We appreciate your question. Until a few years ago, the only solution would have been to either change the beneficiary of the 529 to an eligible family member; or use the money for non-college purposes taking a tax hit and IRS 10% penalty. However, a new choice was introduced in 2014 called the Achieving a Better Life Experience (ABLE) Account.

 

The ABLE account provides a tax deferred benefit, and the ability to save money in excess of government limits without risk of forfeiture of government assistance. As you know, the cost of raising a child with a disability can be very high. In a 2014 study, Autismspeaks.org reported that the average lifetime cost for a person affected with autism can range from $1.4M to $2.3M. When a special needs child “ages out” of public education, the need for daytime care may continue for many families. These costs can greatly impact your family finances.

 

ABLE account is similar to a 529 college savings plan, but can be used for qualified disability expenses of the special needs individual for things like education, housing, employment training and support, and health care. The good news is that you can rollover funds from your child's 529 college savings plan into an ABLE account and align the fund with more applicable qualified disability expenses if the child was diagnosed with the disability after the 529 college savings account had been created (note additional limitations in the 4th bullet below). Here are a few more things to consider.
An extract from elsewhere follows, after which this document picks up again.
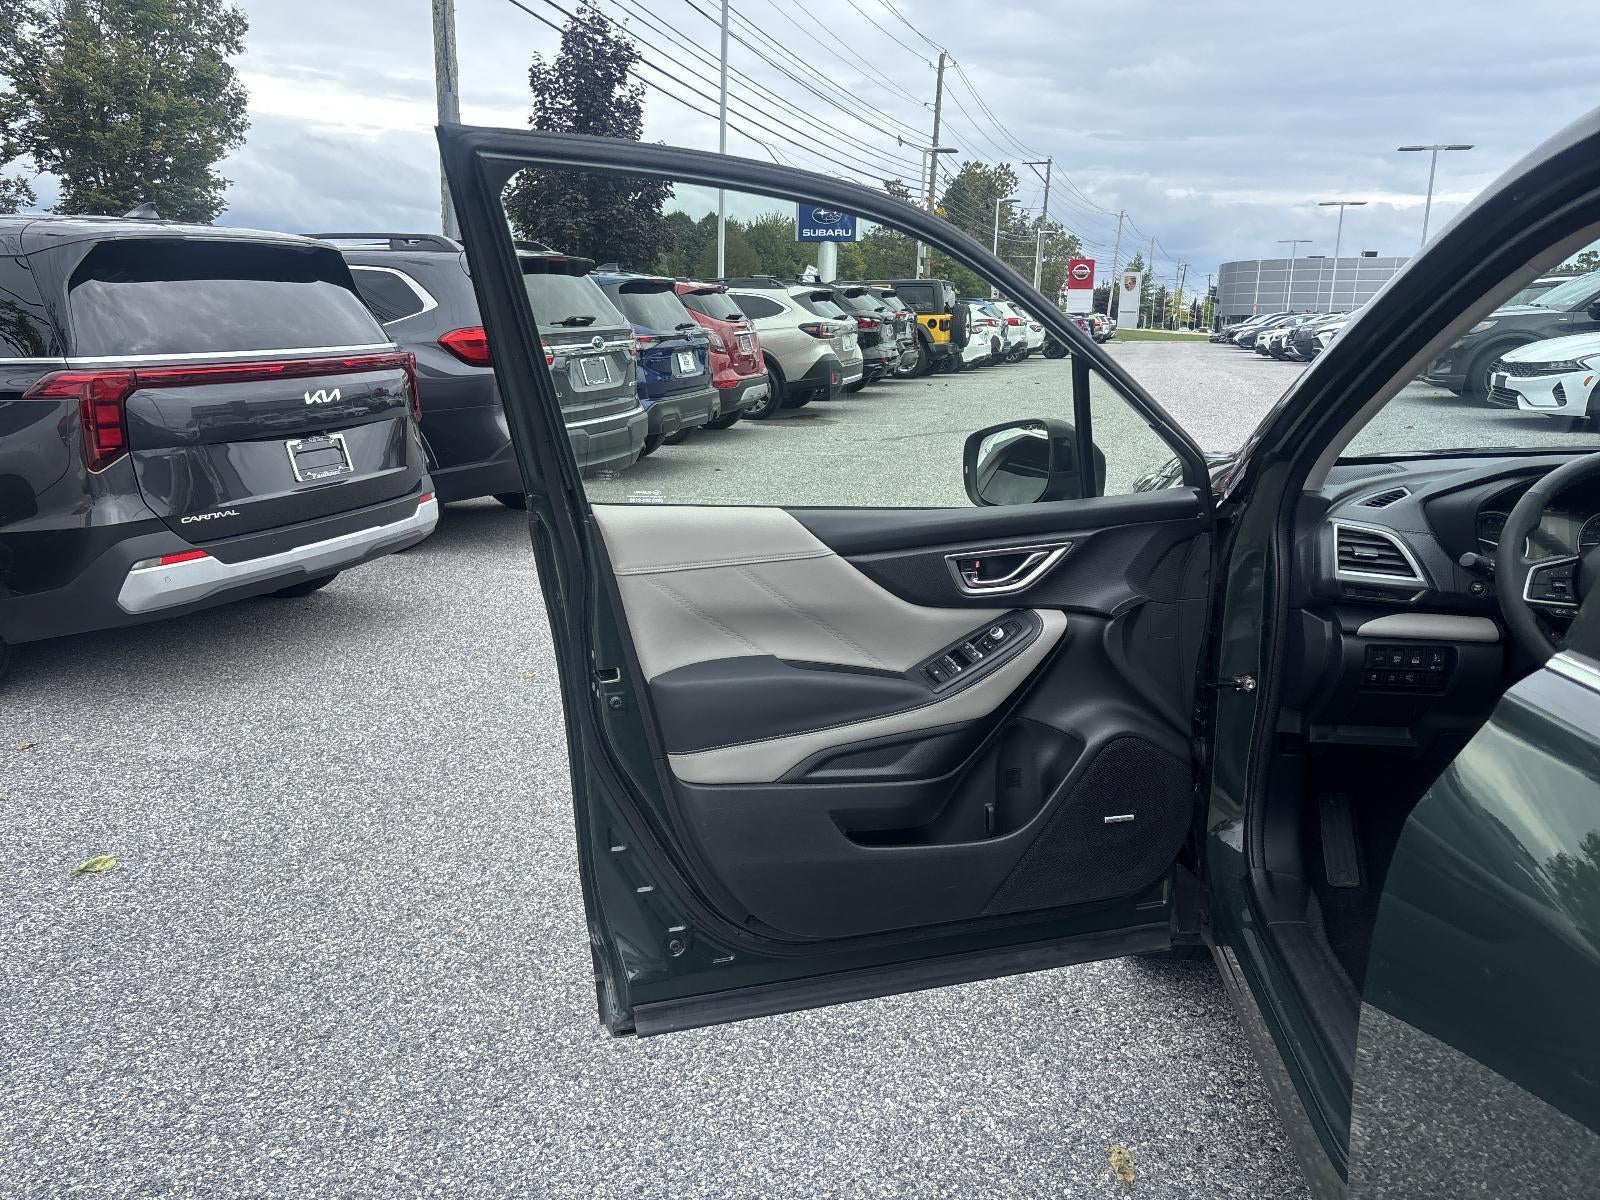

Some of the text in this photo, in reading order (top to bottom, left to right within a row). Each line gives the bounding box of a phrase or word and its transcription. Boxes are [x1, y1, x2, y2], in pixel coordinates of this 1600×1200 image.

  • Individuals must be diagnosed with a significant disability before turning 26 years old to qualify.
  • Individuals must be receiving benefits under Supplemental Security Income (SSI) or Social Security Disability Insurance (SSDI), or be able to obtain a disability certification from a doctor that meet's SSA's definition of disability.
  • The disabled individual is the owner and beneficiary of the money. The idea is if the beneficiary is of legal age and can manage the account on their own, they can be in control of the ABLE account. However, if they are still legally a minor, or are not capable of handling the responsibility; the parent or legal guardian can act as the administrator.
  • The amount of contributions/rollovers are limited per year to the annual gift tax exemption amount which is currently $15,000. Also, any funds you contribute to the account are considered an irrevocable gift.
  • The balance of the ABLE account at death of the account owner (the disabled individual) may likely go to the state to reimburse Medicare related expenses.
  • The ABLE account beneficiary may become ineligible for government benefits if a balance of $100,000 is exceeded.

Consider weighing the choice of the ABLE account with other competing family goals. Alternatively, you have a choice to change the 529 beneficiary to another family member, or even yourself. Also, ask yourself how funds placed into this account might hinder other family goals, such as paying down debt, and saving for your own retirement?

 

USAA does not currently offer ABLE accounts. There are several states that do offer ABLE accounts. If your state does not offer a choice, consider there are other states offering ABLE accounts that do not have a state residency requirement to open an account. Please seek a qualified professional for legal and tax advice when planning for those with disabilities.